Bei dieser Gelegenheit sah ich erstmals mit eigenen Augen den Einfluss der barras in den argentinischen Vereinen. Der Ex-Präsident von Vélez, Raul Gamez, hatte zuvor sogar als Anführer der barra wegen polizeifeindlicher Ausschreitungen sechs Monate im Gefängnis gesessen. Anschließend hatte er sich bei den Gremien des Vereins eingeschmeichelt und war letztlich gewählt worden. Doch wie ein Rockabilly-Opa, der über die K-Pop hörende Jugend von heute lamentiert, hatte er zuletzt die nachwachsende Generation der barra kritisch beäugt und erklärt: »Wir sind vor 50 Jahren ›gute Jungs‹ gewesen, als die Gesellschaft noch eine andere war. Damals herrschten noch andere Sitten, und Drogen waren für uns kein Thema.«31 Besonders kritisch sah er die zunehmende Politisierung der barra. Mit der Formulierung »gute Jungs« griff er eine Äußerung der ehemaligen argentinischen Präsidentin Cristina Fernandez de Kirchner auf, die kurz vor dem aus Steuergeldern finanzierten Trip der Anführer der bedeutendsten Gruppierungen zur WM 2010 in Südafrika die barras so genannt hatte. Doch die politischen Beziehungen reichten noch tiefer.

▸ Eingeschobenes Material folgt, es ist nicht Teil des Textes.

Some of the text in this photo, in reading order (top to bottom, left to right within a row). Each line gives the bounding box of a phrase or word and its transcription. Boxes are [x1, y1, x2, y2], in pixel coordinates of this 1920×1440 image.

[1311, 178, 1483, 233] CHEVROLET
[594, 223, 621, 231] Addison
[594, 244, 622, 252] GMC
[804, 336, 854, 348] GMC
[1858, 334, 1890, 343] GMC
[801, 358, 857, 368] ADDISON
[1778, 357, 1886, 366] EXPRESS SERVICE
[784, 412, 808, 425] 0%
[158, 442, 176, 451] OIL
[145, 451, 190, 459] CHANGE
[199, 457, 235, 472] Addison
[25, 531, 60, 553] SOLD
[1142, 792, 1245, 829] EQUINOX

Gewerkschaften, Unternehmen und sogar Parteien engagierten die barras häufig für Aktionen gegen ihre jeweiligen Gegner. Gamez sagte: »Die Politiker brauchen [die barras] und setzen sie als gewaltbereite Handlanger ein. Die Vereinsspitzen wollen kein Problem mit den barras, also schließen wir Pakte mit ihnen. Wir haben keine andere Wahl, denn es gibt keine Garantien [für unsere Sicherheit].«32

Pedro erklärte im Dämmerlicht ihrer Turnhalle, was er sich vorstellte: ein wandfüllendes Gemälde zu Ehren seines Vorgängers Marquitos. Auf der gegenüberliegenden Wand trocknete das frische Bild einer Cartoon-Bulldogge. Pedro zückte zur Erklärung sein Handy und spielte ein YouTube-Video ab, auf dem sein Held zu sehen war, der frühere, für seine Freistöße berühmte Vélez-Torwart José Luis Chilavert (Spitzname »El Bulldog«). Chilavert hatte 1996 gegen River Plate einen Freistoß von der Mittellinie verwandelt und 1994 im Finale der Copa Libertadores nicht nur einen Elfmeter gehalten, sondern auch selbst einen versenkt.

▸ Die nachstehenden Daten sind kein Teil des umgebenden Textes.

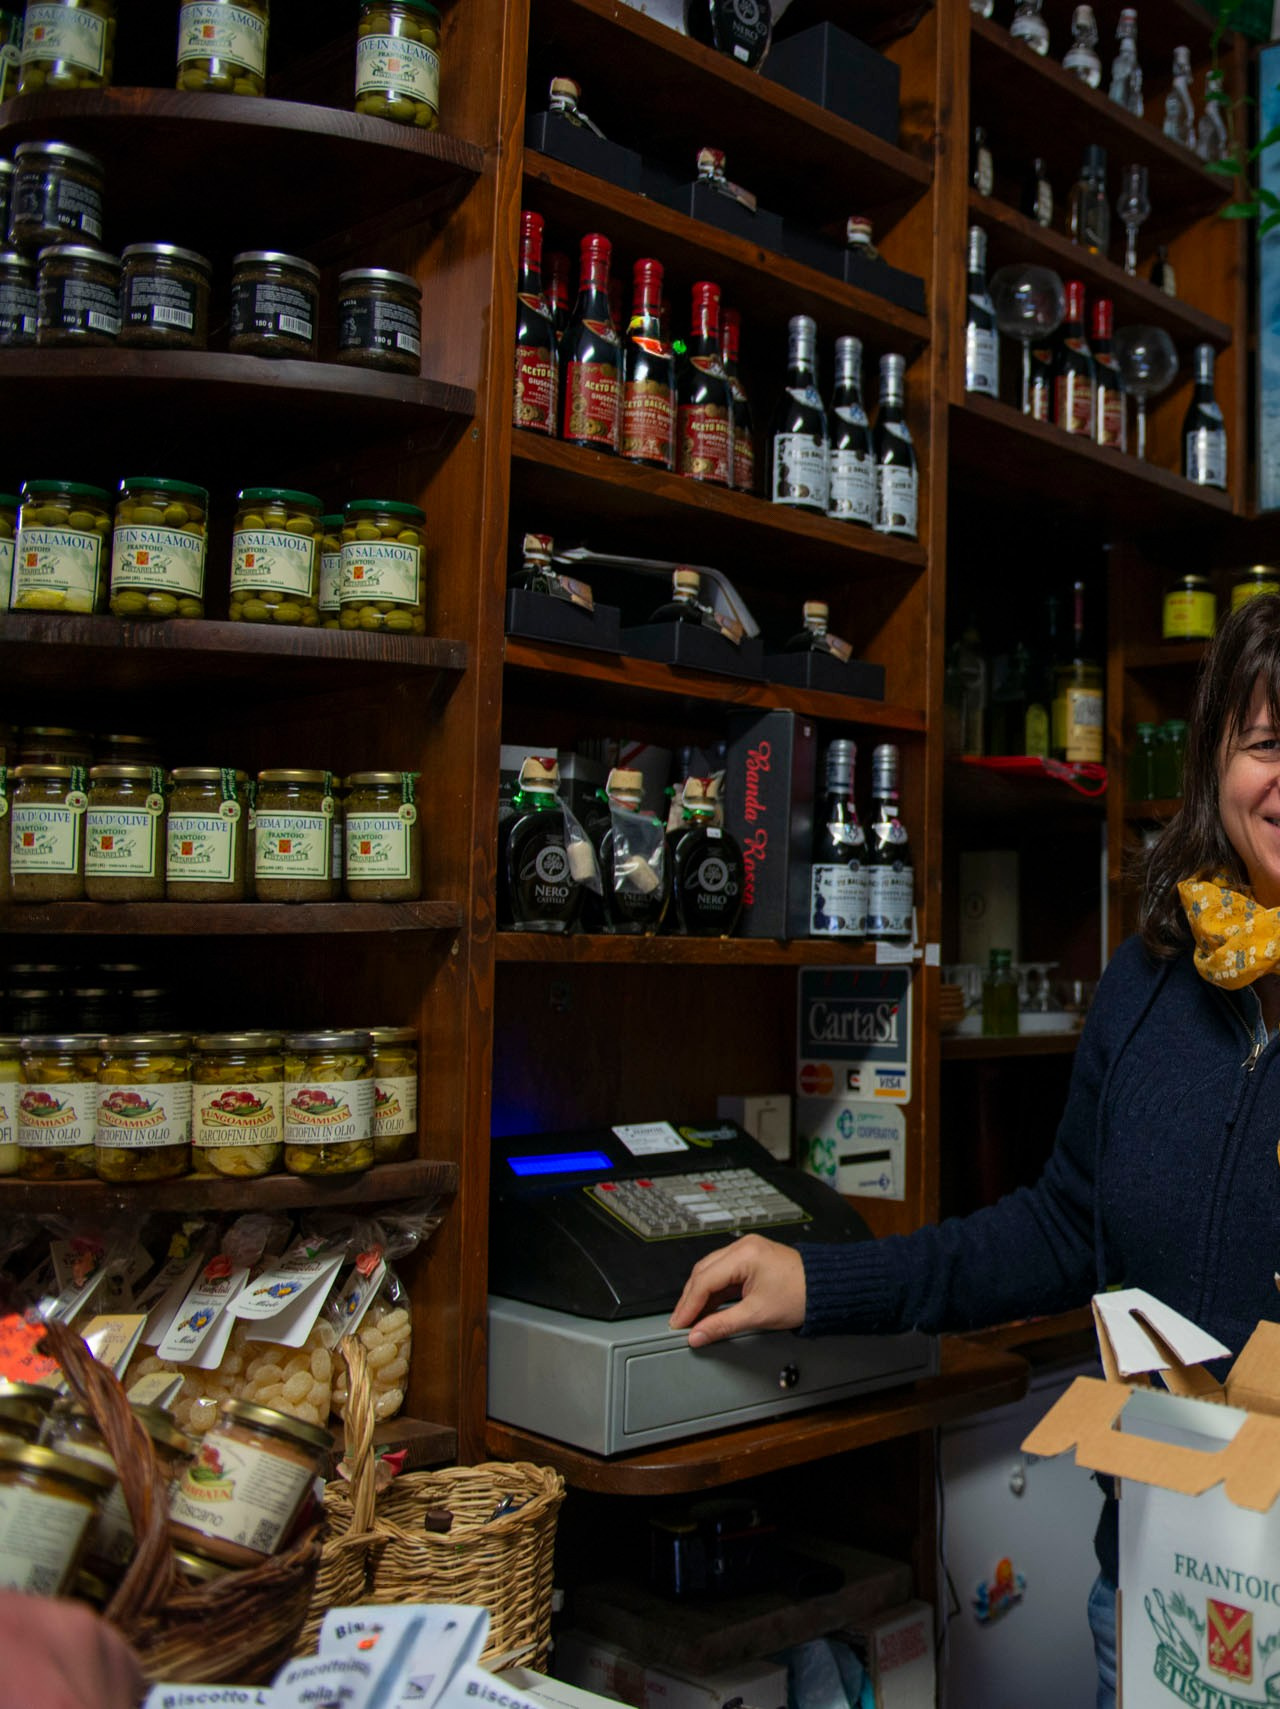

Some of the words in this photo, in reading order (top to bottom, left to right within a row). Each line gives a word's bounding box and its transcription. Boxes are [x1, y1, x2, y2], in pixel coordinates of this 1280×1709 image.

[30, 534, 94, 551] SALAMOIA
[141, 532, 201, 553] SALAMOIA
[248, 534, 308, 553] SALAMOIA
[355, 546, 413, 562] SALAMOIA
[39, 811, 70, 823] OLIVE
[117, 815, 149, 826] OLIVE
[197, 821, 228, 832] OLIVE
[295, 819, 323, 830] OLIVE
[374, 821, 402, 831] OLIVE
[534, 884, 569, 897] NERO
[696, 893, 727, 904] NERO
[879, 1077, 902, 1089] VISA
[104, 1112, 164, 1128] NGOAMIATA
[386, 1118, 404, 1130] OLIO
[45, 1128, 56, 1140] IN
[57, 1127, 81, 1140] OLIO
[135, 1128, 147, 1141] IN
[148, 1128, 170, 1141] OLIO
[199, 1127, 247, 1142] CARCIOFINI
[247, 1126, 259, 1140] IN
[260, 1126, 278, 1139] OLIO
[322, 1125, 333, 1138] IN
[335, 1125, 356, 1137] OLIO

Es war Zeit zum Aufbruch. Wir mussten nach Bajo Flores, um Mauro zu treffen, einen der mächtigsten Männer von La Doce. Doch gerade, als wir aufbrechen wollten, klingelte Mikaels Handy. Einer seiner Kontaktmänner, ein Vertrauter von Rafa. Juan, eines der ältesten Mitglieder von La Doce, hatte von dem Treffen erfahren und war misstrauisch geworden. »Er meint, wir sollten nicht hingehen. Es könnte eine Falle sein«, berichtete Mikael ein wenig geknickt. Gegen das Treffen selbst war nichts einzuwenden, doch bei dem Ort, an den Mauro uns bestellt hatte, hatten bei Juan die Alarmglocken geklingelt.

Mikael schrieb seinem Kontakt, dass er Magenprobleme habe.

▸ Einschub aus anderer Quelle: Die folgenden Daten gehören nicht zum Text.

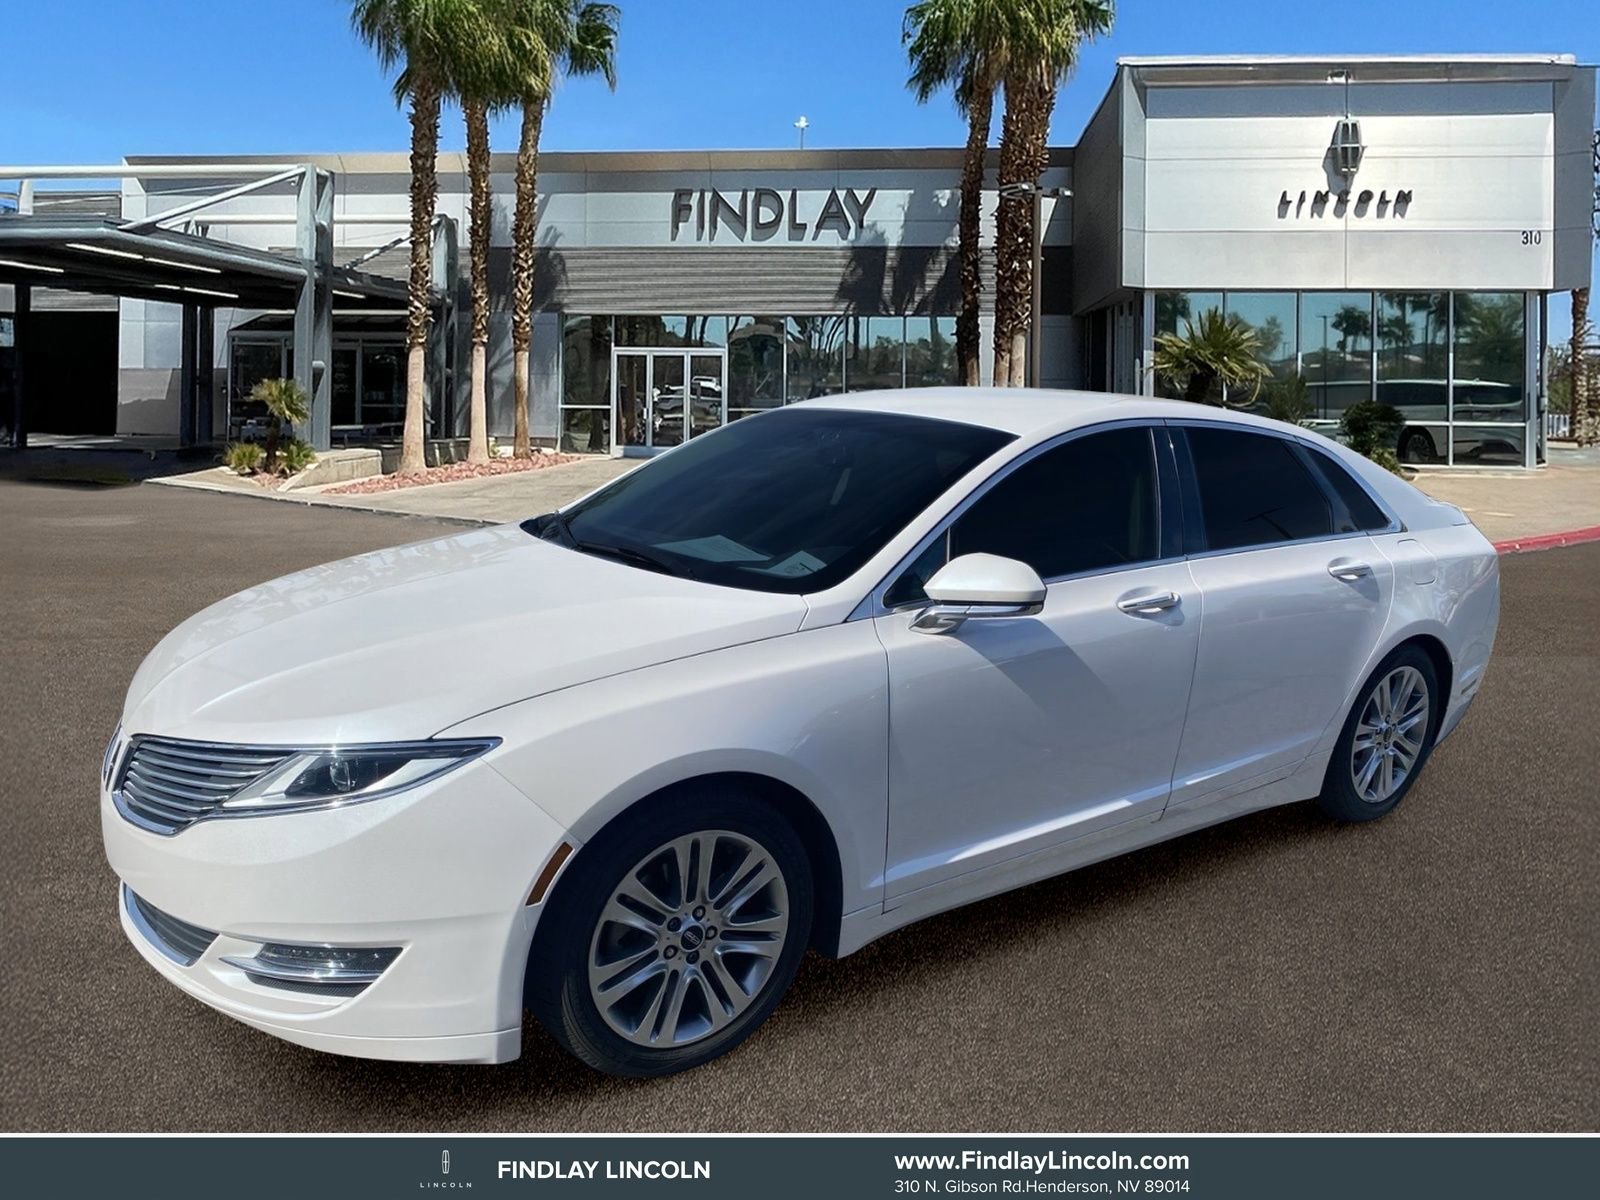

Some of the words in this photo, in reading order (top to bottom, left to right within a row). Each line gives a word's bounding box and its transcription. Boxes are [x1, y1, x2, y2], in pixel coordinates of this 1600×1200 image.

[671, 187, 877, 240] FINDLAY
[1278, 189, 1412, 214] LINCOLN
[1521, 231, 1542, 246] 310
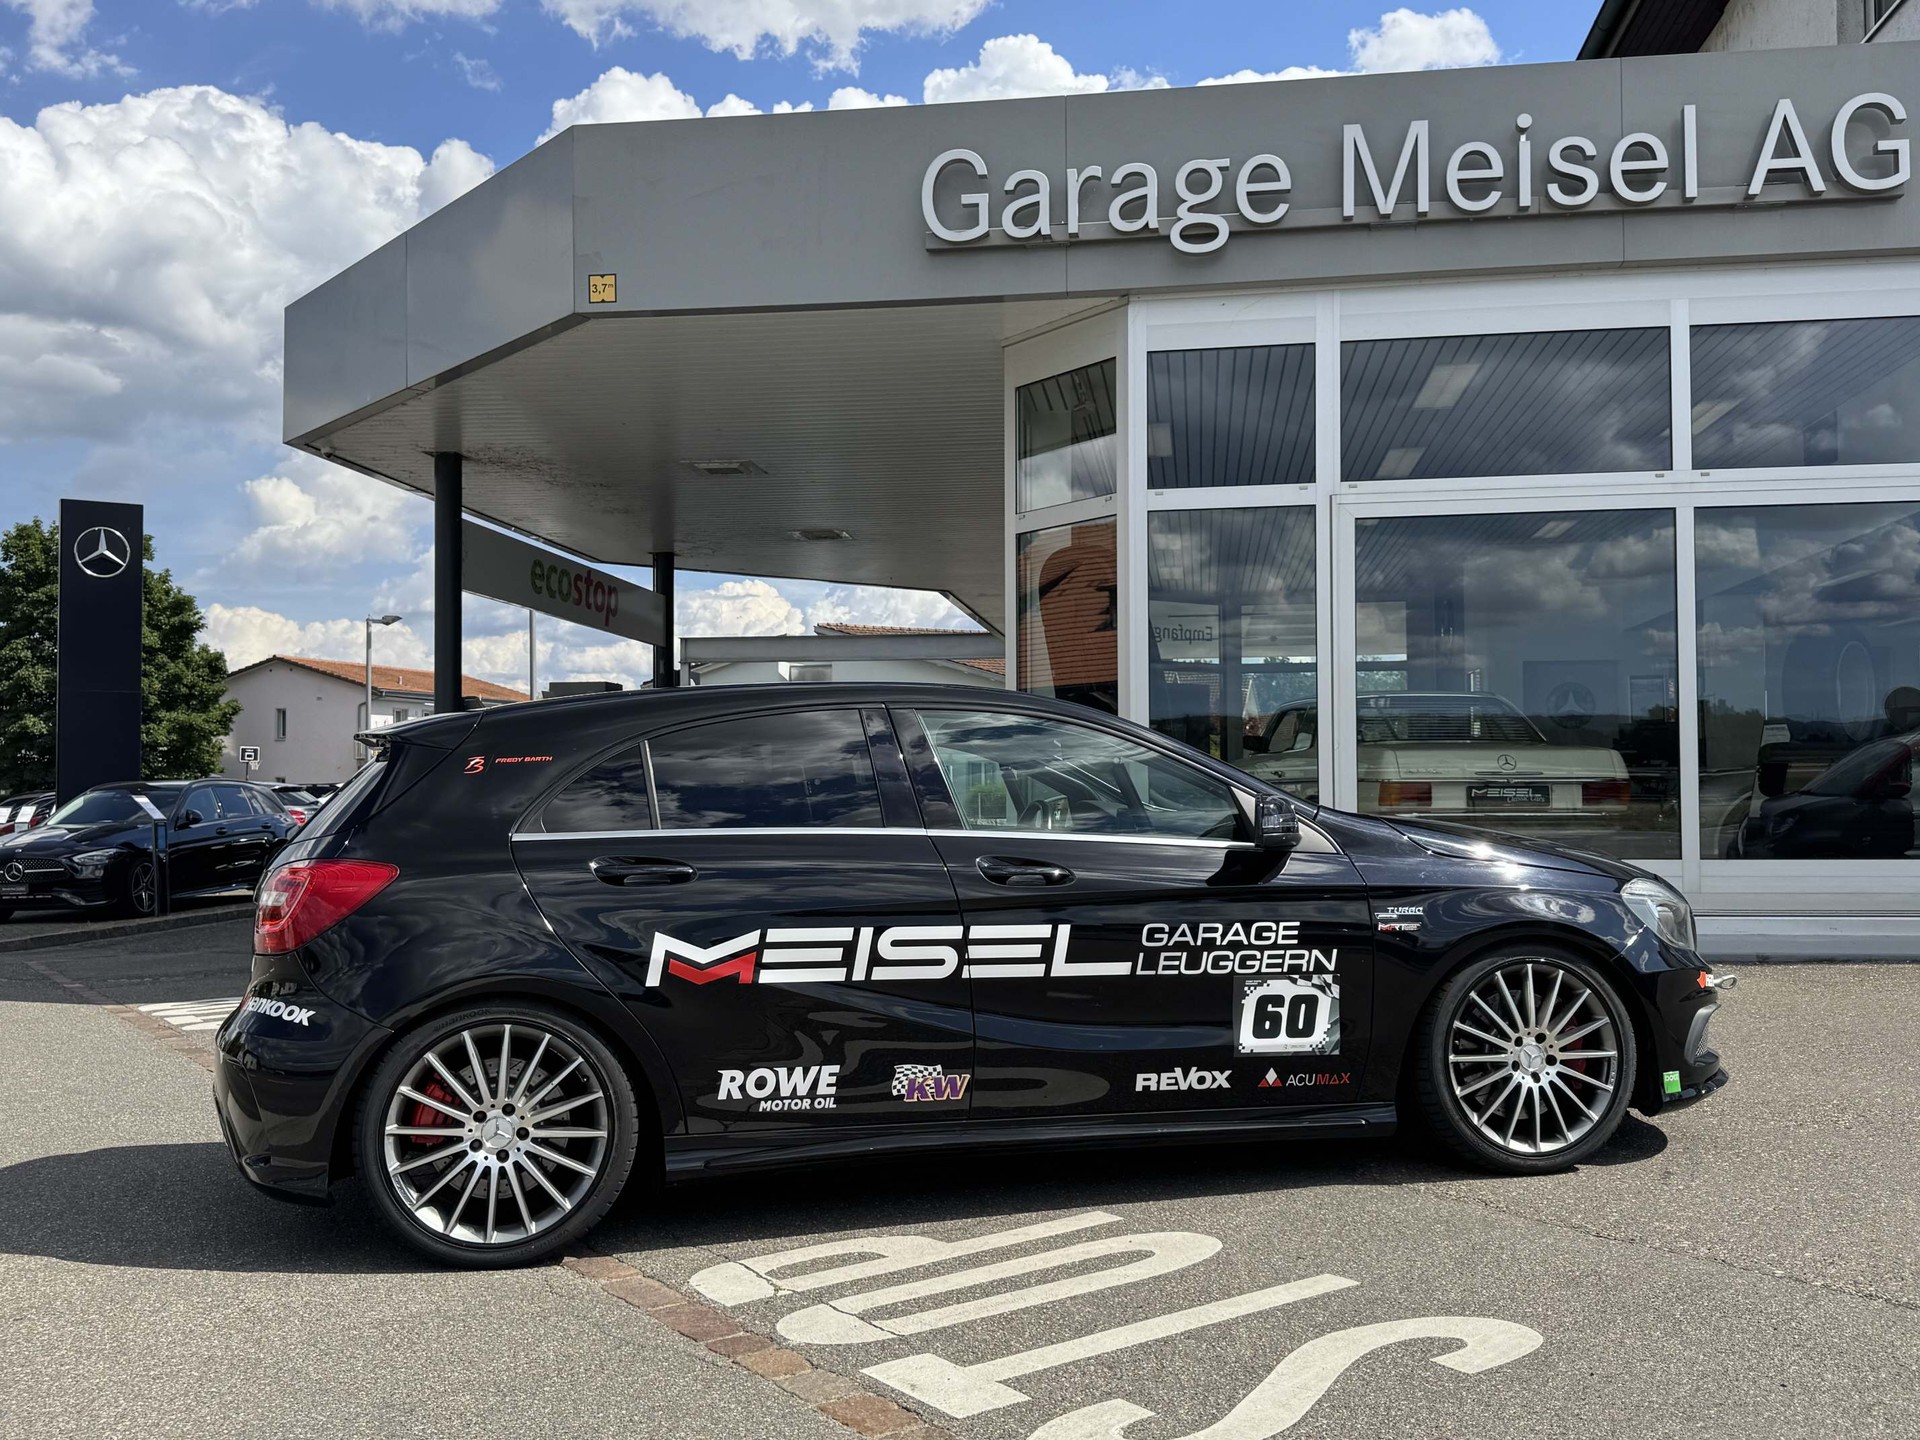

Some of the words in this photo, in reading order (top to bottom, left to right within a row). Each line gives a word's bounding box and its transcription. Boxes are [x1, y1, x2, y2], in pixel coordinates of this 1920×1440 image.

[921, 148, 1292, 253] Garage
[1342, 102, 1698, 220] Meisel
[1746, 92, 1911, 199] AG
[530, 558, 619, 627] ecostop
[1471, 788, 1542, 797] MEISEL
[1387, 906, 1423, 915] TURBO
[1141, 921, 1301, 947] GARAGE
[645, 924, 1133, 987] MEISEL
[1135, 948, 1338, 975] LEUGGERN
[1252, 994, 1319, 1039] 60
[717, 1064, 841, 1100] ROWE
[904, 1073, 971, 1103] KW
[1285, 1072, 1351, 1087] ACUMAX
[758, 1098, 811, 1112] MOTOR
[814, 1097, 837, 1110] OIL
[689, 1210, 1544, 1440] STOP

Juans Büro war ein den Boca Juniors geweihter Tempel. Hinter seinem Schreibtisch befand sich eine chaotische Collage seines Lebens. Ein gerahmtes signiertes Trikot. Fotografien von alten Spielen, Stadien und lange verstorbenen Freunden aus der barra. »Als ich Rafa gestern von eurem Treffen mit Mauro in Baja Flores erzählt habe, hat er gemeint: ›Vorsicht, die werden sie überfallen‹«, berichtete der muskulöse mittelalte Mann mit dem vollen grauen Haar, der womöglich Mikael und mir das Leben gerettet hatte. Sein Handschlag fühlte sich an, als könne er mühelos meine Finger zerquetschen. In der Ecke lehnte eine geladene Schrotflinte, auf dem Regal daneben stand ein von einem Gummiband zusammengehaltenes Patronenbündel. Juan erklärte, dass das ein Geschenk von Aldo Rico sei, einem ehemaligen Offizier, der in den 1980er-Jahren zwei fehlgeschlagene Putschversuche unternommen hatte.

 

»Was genau soll ›überfallen‹ heißen?«, fragte ich.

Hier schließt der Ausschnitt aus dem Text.